Reading 2101 is a preserved American class "T-1" 4-8-4 "Northern" type steam locomotive constructed in 1945 for use by the Reading Company.  Constructed from an earlier "I10SA" 2-8-0 "Consolidation"-type locomotive built in 1923, the 2101 handled heavy coal train traffic for the Reading until being retired from revenue service in 1959. Withheld from scrapping, the 2101 served as emergency backup power for the three other T1 locomotives serving the Reading's "Iron Horse Rambler" excursions until being sold for scrap in 1964. In 1975, the locomotive was restored to operation from scrapyard condition in an emergency 30-day overhaul after being selected to pull the first eastern portion of the American Freedom Train. On March 6, 1979, while being stored one winter in a Chessie System roundhouse in Silver Grove, KY, 2101 was severely damaged in a fire. Also damaged in that fire was a NYC Mohawk tender, which is now located at the National New York Central Railroad Museum in Elkhart, Indiana. 2101 was cosmetically restored and placed in the B&O Railroad Museum on Labor Day, 1979, in exchange for Chesapeake and Ohio 614. Today the locomotive remains on display in its American Freedom Train #1 paint scheme.

History

Revenue service
Reading No. 2101 is a class "T-1" 4-8-4 "Northern" type steam locomotive that was one of 30 4-8-4s that were converted from 30 class "I-10sa" 2-8-0 "Consolidation" type locomotives from 1945 through 1947 by the Reading Railroad when management wanted faster and more powerful locomotives, but had no spare cash to order completely new ones. Starting in 1945 the Reading took 30 of its 2-8-0s and converted them with a little help from Baldwin Locomotive Works into 30 new 4-8-4 locomotives that were numbered 2100-2129 and classified as class "T1". No. 2101 was originally built by Baldwin in 1923 as I-10a 2-8-0 No. 2037 and was converted to Reading No. 2101 in 1945.

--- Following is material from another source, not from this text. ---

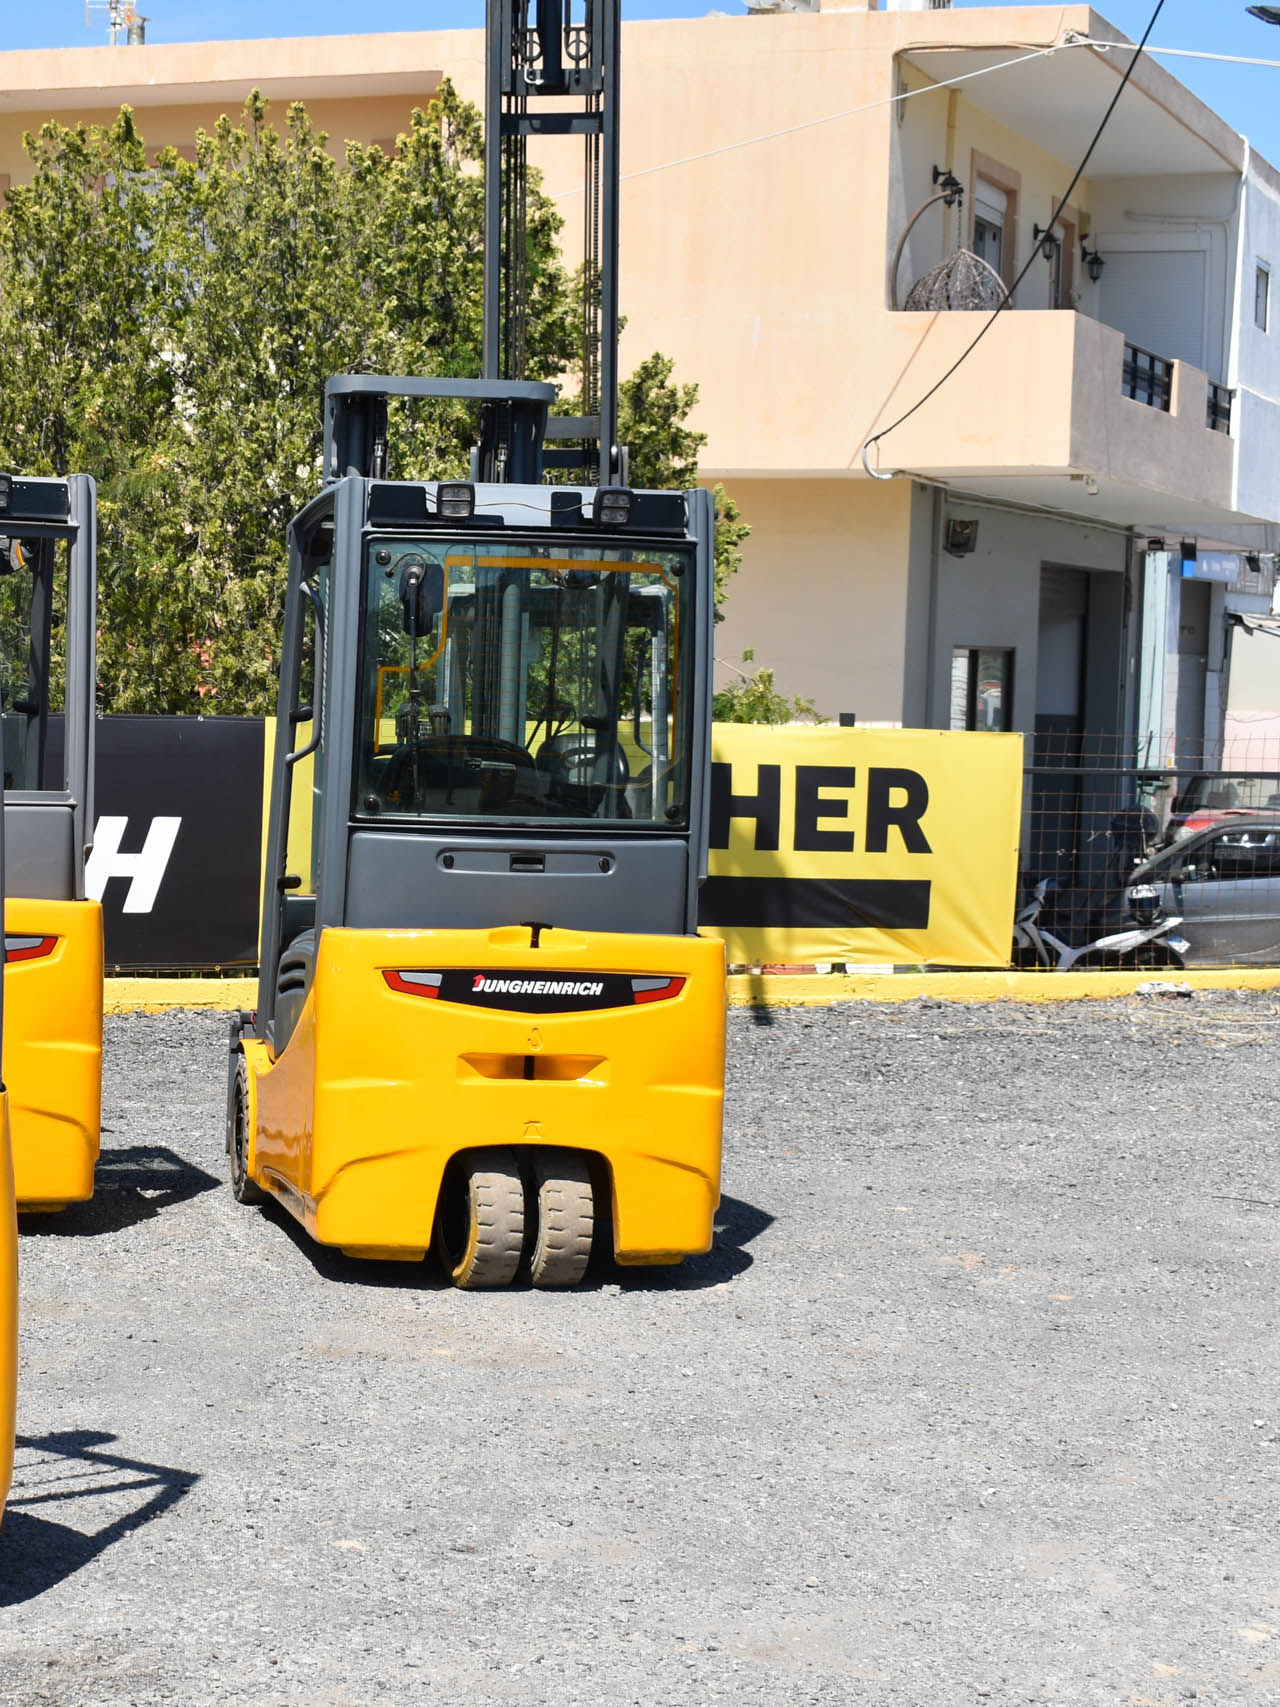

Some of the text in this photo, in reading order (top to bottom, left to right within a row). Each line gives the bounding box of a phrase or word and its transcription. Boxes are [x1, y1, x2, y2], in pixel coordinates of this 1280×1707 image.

For its entire service life, No. 2101 pulled many freight and passenger trains from 1945 to 1956 when nearly all steam on the Reading was sent to scrap, except for five T1s: 2100, 2101, 2102, 2123 and 2124. No. 2101 was cared for in the Reading's Roundhouse from 1959 to 1964 as a standby locomotive for the famous "Iron Horse Rambles". October 17, 1964, saw the 50th and last Ramble excursion when rising operational costs and deteriorating track forced the end of these special fan trips. Afterwards, No. 2101 was sold along with No. 2100 in September 1967 to Streigel Equipment and Supply of Baltimore, Maryland, where it would be stored for the next eight years.

Excursion service
In 1975, the country was gearing up for America's Bicentennial and plans were underway for The American Freedom Train which would travel across the country stopping in dozens of cities and pulled by steam locomotives. Led by Ross Rowland, a nationwide search was carried out to search for locomotives in restorable condition to pull the train. Southern Pacific 4449 and Reading No. 2101 were selected for the trip (A group of dedicated preservationists in Ft. Worth also rebuilt a steam locomotive that would pull the train in Texas, Texas and Pacific 610). No. 2101 was pulled from the scrapyard and restored to operating condition on March 28, 1975 in only 30 days in the same building where it was constructed from a 2-8-0 nearly 30 years earlier—and painted as "American Freedom Train #1". 

No. 2101 pulled the eastern section of the trip before giving it to the SP 4449 in Chicago for the western section. On the return trip east, No. 2101 again took charge of the train at Birmingham, AL and pulled the train through much of New England, handing the train back to the SP 4449 at the Pentagon.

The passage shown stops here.